William me da su móvil.

—Cada vez que haces una foto, el teléfono la etiqueta con los datos exactos de latitud y longitud. Tu última foto de perfil, la de tu mano, fue tomada en casa. Dejaste una pista que me condujo directamente hasta ti.

Desactivo los servicios de localización de la cámara de su teléfono móvil.

—Ya está. Ahora nadie podrá rastrearte.

—¿Y si quiero que me rastreen?

—En ese caso, te aconsejo que pidas ayuda a un profesional.

—¿Cuánto hace que lo sabes?

—Desde esta tarde.

William se pasa una mano por el pelo.

—¡Dios santo, Alice! ¿Por qué no dijiste nada? ¿Lo sabe Bunny?

Asiento con la cabeza.

—¿Y Nedra?

—También.

Hace una mueca.

—No hace falta que te avergüences. Las dos te adoran. Piensan que es lo más romántico que han oído en su vida.

—¿Tú también lo piensas?

—¿Por qué, William? ¿Por qué lo hiciste?

Suspira.

—Porque vi tu búsqueda en Google, la noche de la recepción del vodka FiG, ¿te acuerdas? No borraste el historial. La vi, desde «Alice Buckle» hasta «matrimonio feliz». Te sentías desgraciada. Yo hacía que te sintieras desgraciada. Dije aquella tontería de que tu vida era «un poco más pequeña». Tenía que hacer algo.

—¿Y el Centro Netherfield? ¿Fue una invención? ¿Y su relación con la Universidad de California?

—Yo sabía que tú no aceptarías participar en ningún estudio que no fuera serio. Fue fácil montar la página web. Lo más difícil fue cuando empezó a adquirir vida propia. Te lo iba a confesar todo. ¿Recuerdas la noche cuando nos citamos en Tea & Circunstances? Pero entonces llegaron Bunny y Jack. Yo no tenía intención de dejarte plantada. Te supliqué que no fueras, ¿recuerdas? No pensé que terminaría de ese modo.

—Pero ¿por qué tuviste que seguir un camino tan tortuoso? ¿Por qué no me hiciste las preguntas cara a cara? Ni siquiera lo intentaste.

—¿Cómo que no lo intenté? Te perseguí. Te cortejé. Abrí una cuenta falsa en Facebook. Te envié mensajes, alertas y notificaciones. Leí las malditas Crónicas de Narnia y Trampa 22.

—¿Esto sigue encendido? ¿Funciona? —oímos a Nedra, que prueba el micrófono—. ¿William? ¿Estás ahí? No es de buena educación dejar un brindis a medias. No puedes irte y dejar un brindis a medias. En Gran Bretaña, al menos, lo consideramos de mala educación.

—¡Vaya! —gruñe William, con una agitación muy poco propia de él—. ¡Sálvame!

—De acuerdo —digo—. Yo haré el condenado brindis.

Mientras atravieso la sala, intento aclararme las ideas. Debería decir algo sobre el amor, obviamente. Alguna cosa sobre el matrimonio… Algo divertido, algo dulce… Pero tengo la cabeza totalmente inundada por todo lo sucedido con William y por lo mucho que se esforzó para llegar hasta mí.

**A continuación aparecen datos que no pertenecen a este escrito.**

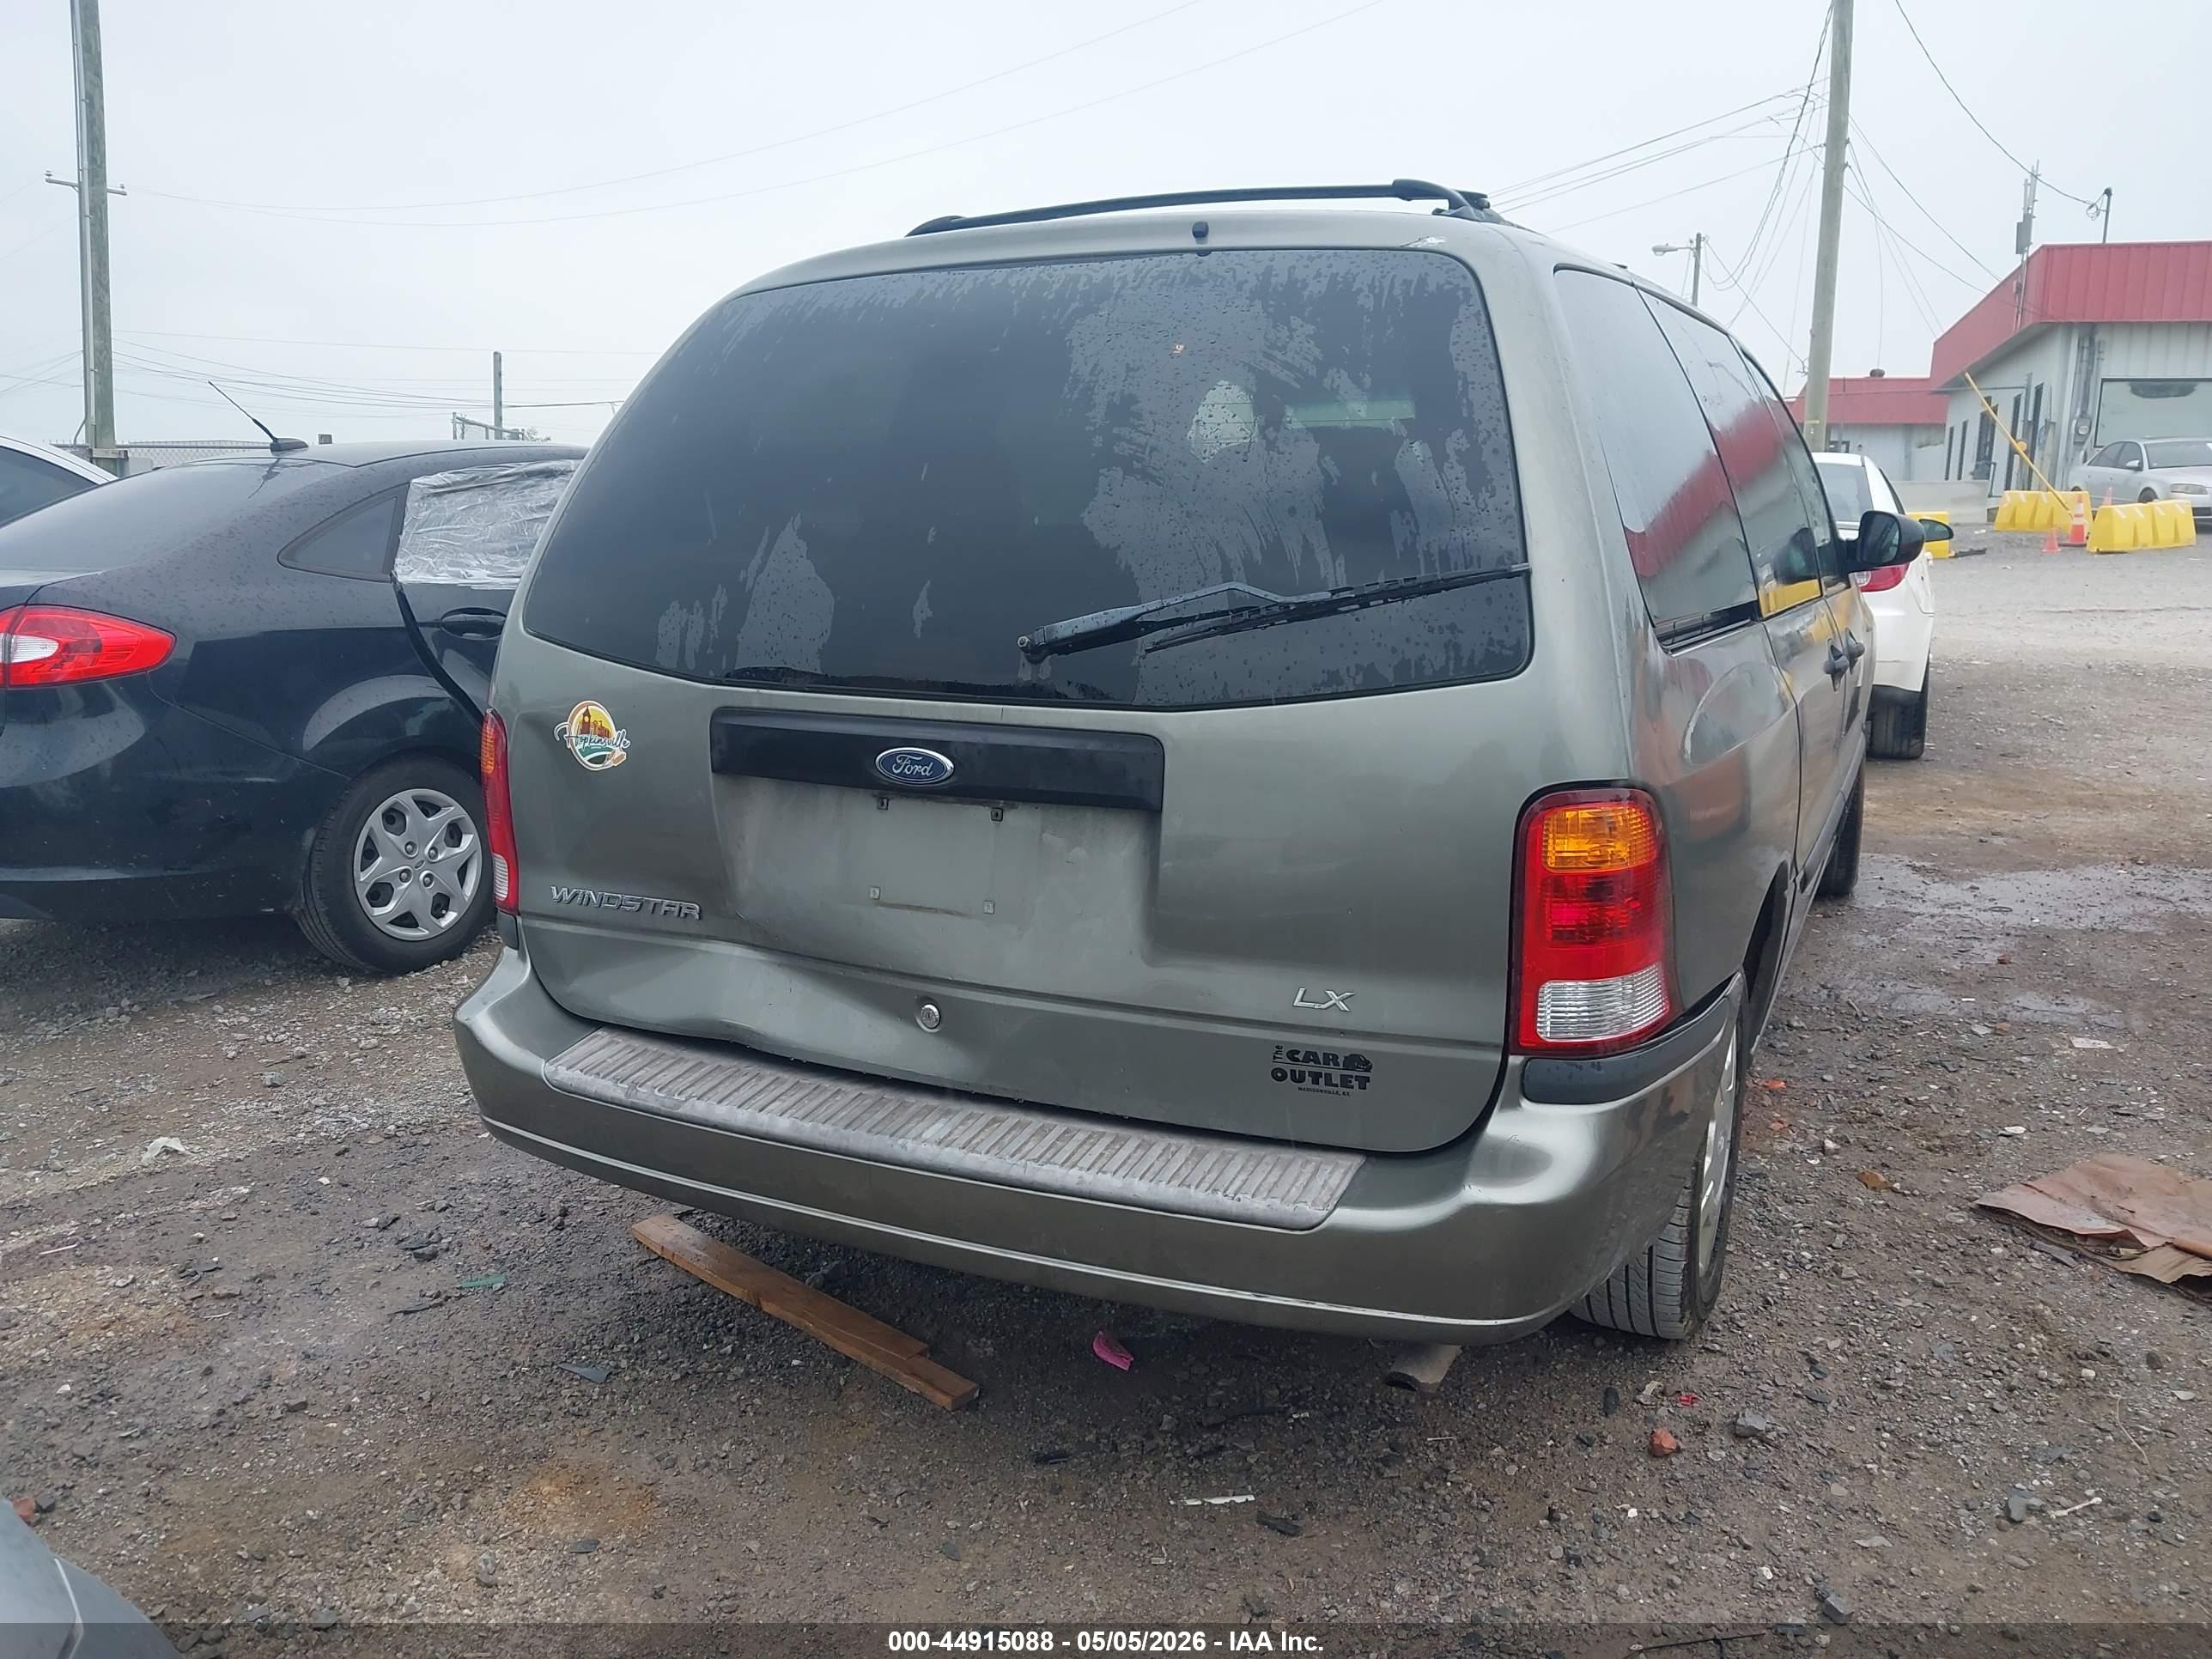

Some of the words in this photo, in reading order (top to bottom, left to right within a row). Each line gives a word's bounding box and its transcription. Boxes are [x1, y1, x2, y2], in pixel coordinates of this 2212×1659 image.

[892, 754, 933, 775] Ford
[550, 885, 701, 920] WINDSTAR
[1292, 987, 1358, 1012] LX
[1273, 1044, 1283, 1060] The
[1286, 1049, 1340, 1066] CAR
[1271, 1067, 1370, 1090] OUTLET
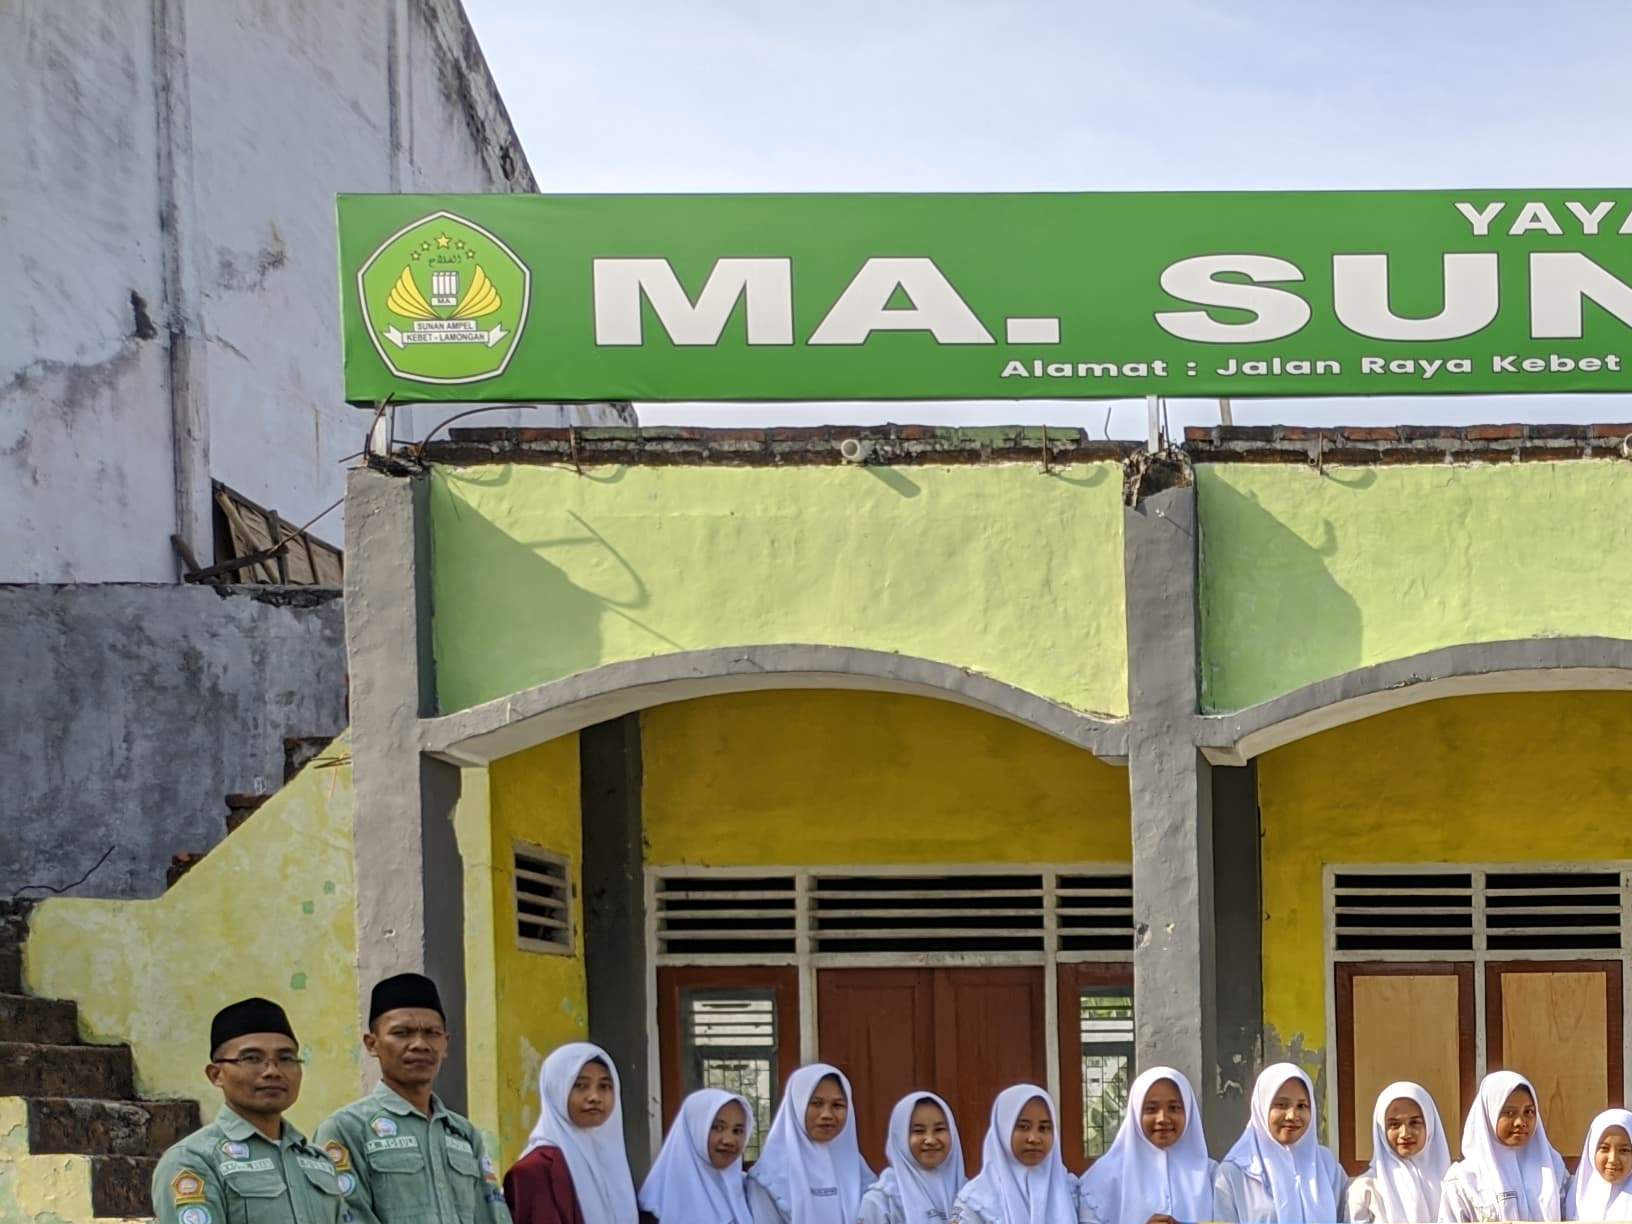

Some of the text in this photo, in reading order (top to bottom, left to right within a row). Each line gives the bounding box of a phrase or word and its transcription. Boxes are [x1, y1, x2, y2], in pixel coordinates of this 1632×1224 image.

[592, 256, 1061, 347] MA.
[417, 322, 473, 330] SUNAN AMPEL
[406, 333, 433, 341] KEBET
[440, 333, 485, 341] LAMONGAN
[1000, 358, 1169, 378] Alamat
[1216, 356, 1342, 376] Jalan
[1360, 356, 1472, 379] Raya
[1492, 353, 1622, 374] Kebet
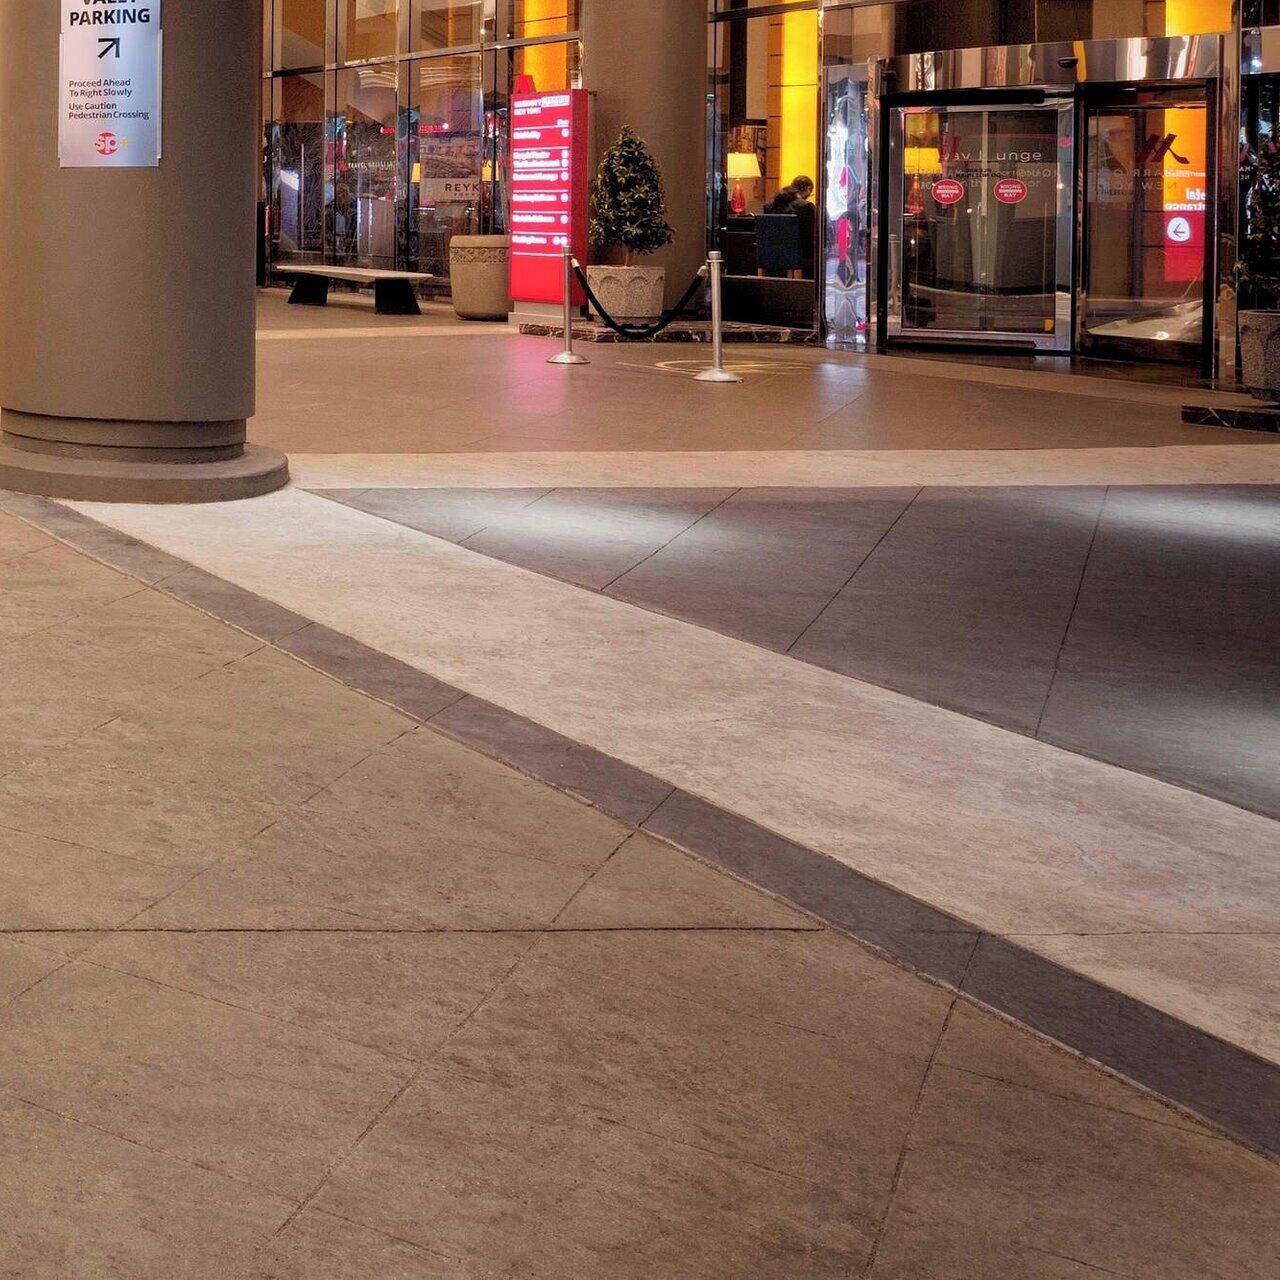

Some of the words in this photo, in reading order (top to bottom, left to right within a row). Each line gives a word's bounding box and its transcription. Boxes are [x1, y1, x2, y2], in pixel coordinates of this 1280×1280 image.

[69, 9, 151, 26] PARKING
[69, 80, 102, 88] Proceed
[80, 88, 102, 99] Right
[104, 88, 132, 98] Slowly
[69, 103, 83, 111] Use
[85, 102, 117, 110] Caution
[69, 111, 113, 120] Pedestrian
[113, 110, 150, 120] Crossing

Cuando llego a la mesa, Zoé me da el micrófono.

—¡Ánimo, mamá! —me susurra.

Me llevo lentamente el micrófono a los labios.

—¿Sabéis cuándo se sabe que todo es tal como debe ser? —intento decir atropelladamente.

No lo consigo. Me tiemblan las rodillas. Miro nerviosamente a los invitados y me llevo una mano al cuello.

—Levanta la cabeza —me aconseja Bunny entre dientes.

—Cuando las cosas son como tienen que ser…

—La gente no habla así en la vida real —me susurra Bunny.

—… no hay manera de mantener alejadas a dos personas que se quieren.

—Habla con el corazón, Alice. Habla con el corazón —me insiste.

—Lo siento. Un momento, por favor. —Busco a William con la mirada, pero no lo veo por ninguna parte—. Dejadme que lo intente de nuevo. Nedra, Kate, mis más maravillosas y queridas amigas…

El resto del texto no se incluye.